My last-minute trip to Japan, and my love of personality tests
I'm trying to write more stories about people and experiences related to my trips rather than logistics/itineraries. My first "story" was about hitchhiking in Iceland, and then I wrote one about Cape Town & my New Year's resolutions. Scroll to the bottom of this post if you want to see what sites/resources I used to plan this Japan trip (which was way back in October 2017)!
My 30 second brief for Japan is: Get a JR (bullet train) Pass, and buy it couple weeks before you go. 10 days is enough time to see the major sights, but leaves you planning your 2nd trip on the flight home. English isn't everywhere, but it's still easy navigate solo without any Japanese. IDK about cherry blossoms but fall foliage is a pretty sweet backdrop! More knowledge of Buddhism would have made visits to the many temples even more meaningful. I liked Kyoto better than Tokyo - similar to how I like SF better than NYC. 7/11 in Japan has pretty damn good food - way more than your average snacks. Finally, staying in hostels and drinking sake are great ways to make friends (duh), and GO SEE THE SNOW MONKEYS!
I wrote a story on: Why I love personality tests and snow monkeys
WHY I LOVE PERSONALITY TESTS AND JAPAN'S SNOW MONKEYS
Anyone whose had more than four conversations with me can probably tell you that I love personality tests. Personality tests (and interpersonal dynamics more broadly) rank very high on the “Topics for an Animated Conversation with Ashley” list, rivaled only by the boutique fitness industry and Harry Potter life truths.

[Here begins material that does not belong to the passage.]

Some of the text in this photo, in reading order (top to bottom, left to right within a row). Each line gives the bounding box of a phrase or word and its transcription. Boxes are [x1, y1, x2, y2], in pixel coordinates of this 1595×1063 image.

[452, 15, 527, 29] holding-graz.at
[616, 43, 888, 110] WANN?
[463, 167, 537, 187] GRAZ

To be clear, when I say personality tests, I don’t mean those questions in some 2001 issue of Seventeen magazine that told me my bra personality, or the absurd Buzzfeed quizzes like Which Food Network Chef Is Your Spirit Animal? (I didn’t even make that up.)
I mean personality tests that take longer than 30 seconds to complete, maybe have a published book or website to explain their framework, and are probably trademarked — like Strengthsfinder, Enneagram, or the ever-controversial Myers-Briggs Type Indicator.

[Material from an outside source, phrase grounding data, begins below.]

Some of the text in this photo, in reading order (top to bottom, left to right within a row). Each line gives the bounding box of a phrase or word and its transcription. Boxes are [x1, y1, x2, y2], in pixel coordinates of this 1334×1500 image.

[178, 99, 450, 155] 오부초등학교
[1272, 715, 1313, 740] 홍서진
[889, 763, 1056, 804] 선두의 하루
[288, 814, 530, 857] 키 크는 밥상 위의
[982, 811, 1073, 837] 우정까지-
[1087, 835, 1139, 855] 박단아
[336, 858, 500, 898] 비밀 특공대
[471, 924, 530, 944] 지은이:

I pride myself as someone so well-versed in Myers-Briggs, thanks to my 2+ years in consulting, that I can accurately guess the four identifying letters of anyone beyond an acquaintance. And yes, I almost swiped right to the person whose online dating profile ended with “My Myers-Briggs personality type is IDGAF” — but then I realized the sentiment was probably serious and not just a punny joke.

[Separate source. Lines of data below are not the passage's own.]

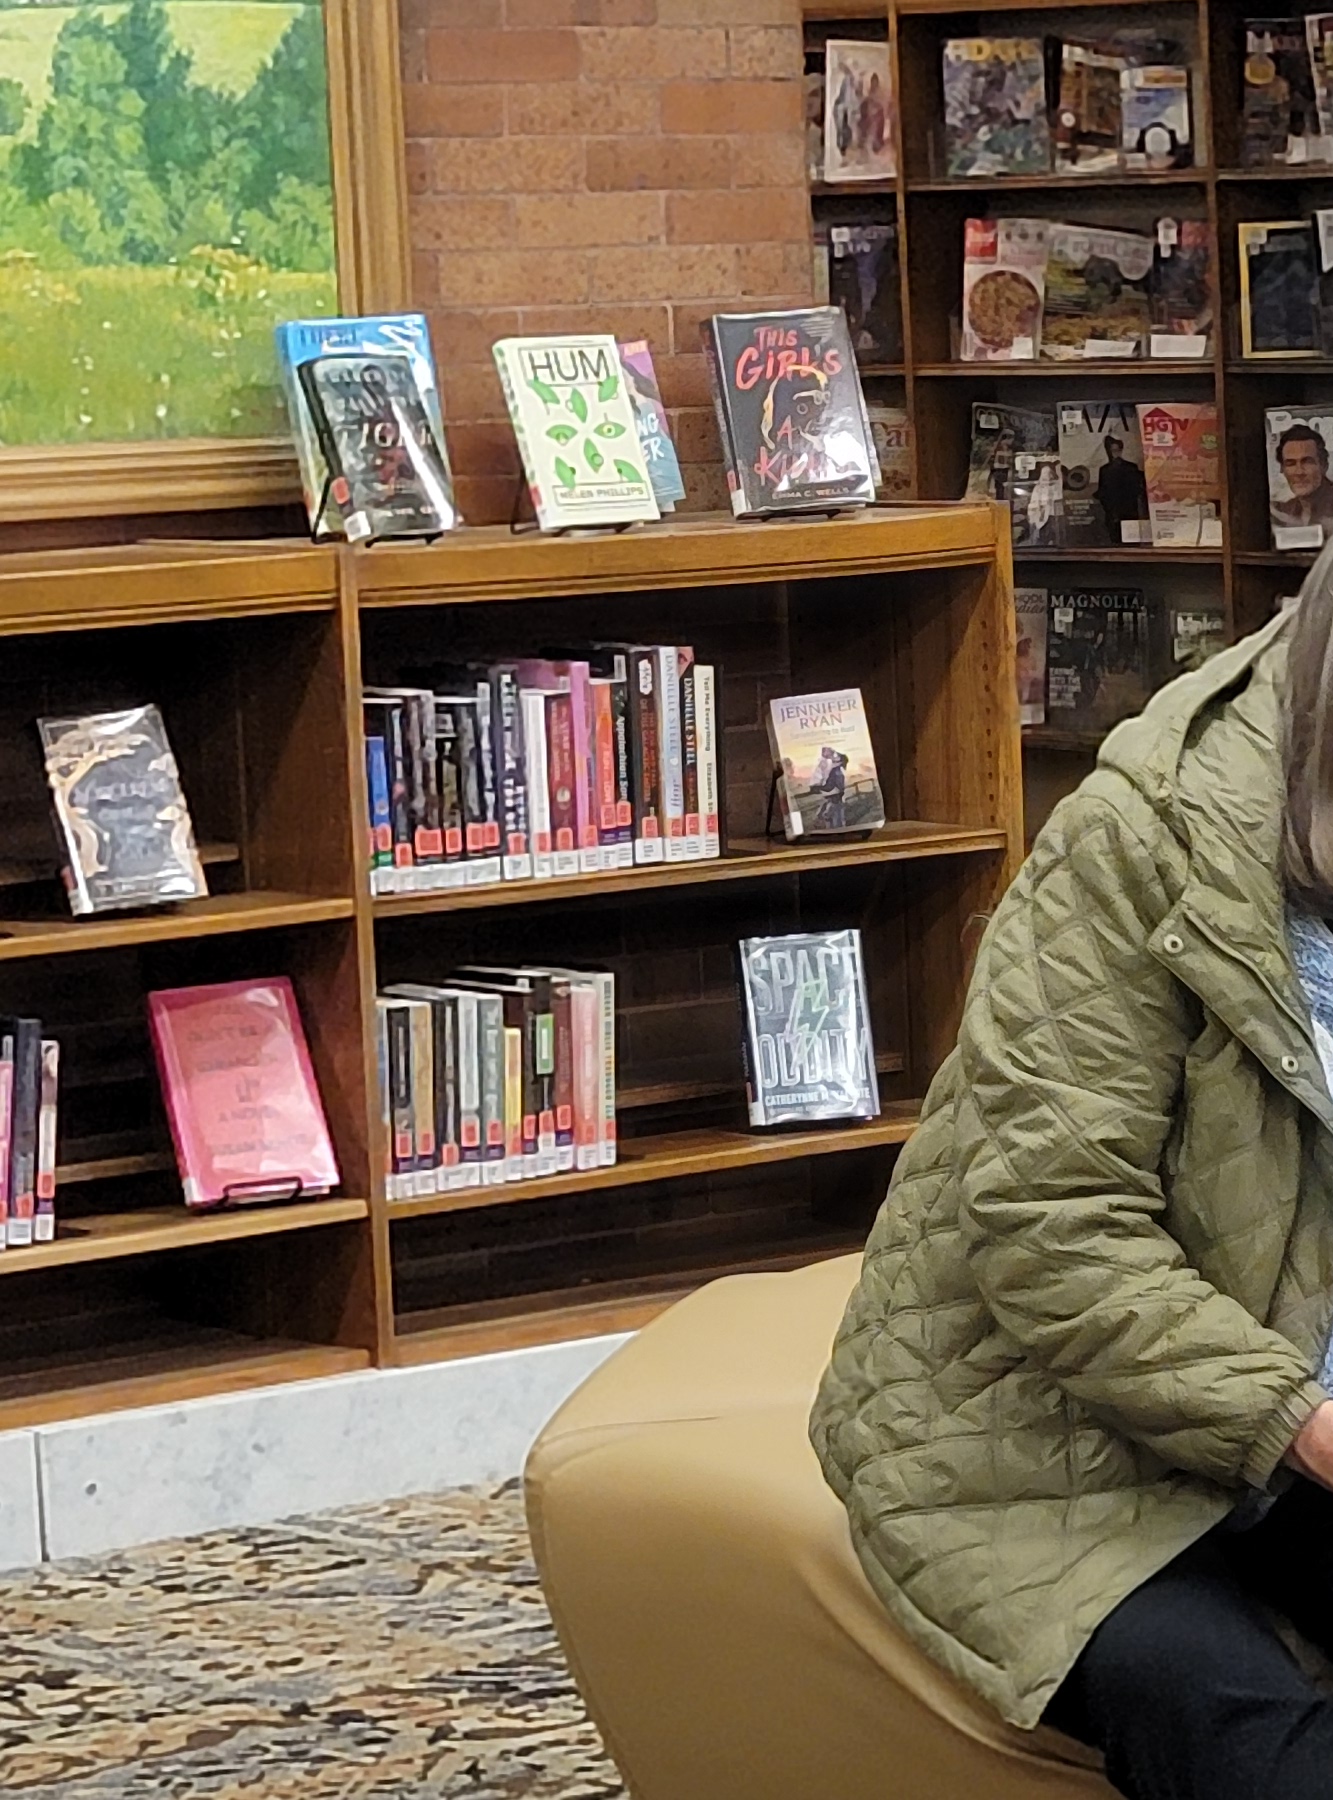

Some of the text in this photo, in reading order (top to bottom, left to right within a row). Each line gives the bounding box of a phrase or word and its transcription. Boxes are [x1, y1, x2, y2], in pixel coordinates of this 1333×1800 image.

[754, 326, 798, 351] THIS
[528, 349, 610, 382] HUM
[637, 412, 660, 436] NG
[777, 415, 798, 449] A
[1142, 417, 1190, 431] HGTV
[642, 437, 665, 461] ER
[560, 486, 644, 499] HELEN PHILLIPS
[817, 487, 850, 496] WELLS
[1050, 595, 1140, 608] MAGNOLIA
[665, 655, 676, 711] DANIELLE
[684, 678, 694, 731] DANIELLE
[704, 693, 710, 705] Me
[780, 699, 858, 722] JENNIFER
[800, 714, 842, 729] RYAN
[616, 715, 627, 779] Appalachian
[668, 718, 678, 752] STEEL
[685, 735, 695, 766] STEEL
[750, 946, 856, 1016] SPACE

I know, I know. Personality tests aren’t perfect. People often get different results if they take the same test again. Tests are self-reported so results reflect who we want to be, not who we are. Results can be so broadly written that any description is believable. People can’t be described by a single label. “Types” give people excuses to not change behavior or seek personal growth.
You’re right! Personality tests have a lot of obvious and true shortcomings.
But hear me out. The language that personality tests can create — and using this shared terminology in conversations with others — is what I value. Personality tests give us a mutually understood language and a reason to talk about what motivates us as people, what makes us happy, how we interact with others, how we approach all of life’s challenge and ambiguity.
And when we don’t agree with a personality test’s description of ourselves, its shared language then becomes helpful to explain exactly why. Even just taking the quiz provides some value in making us reflect on ourselves (“How do these results align or differ with how I perceive myself?”) and how we interact with the world around us (“What were the other possible results that someone might get, and how does that consideration change how I interact with others?”).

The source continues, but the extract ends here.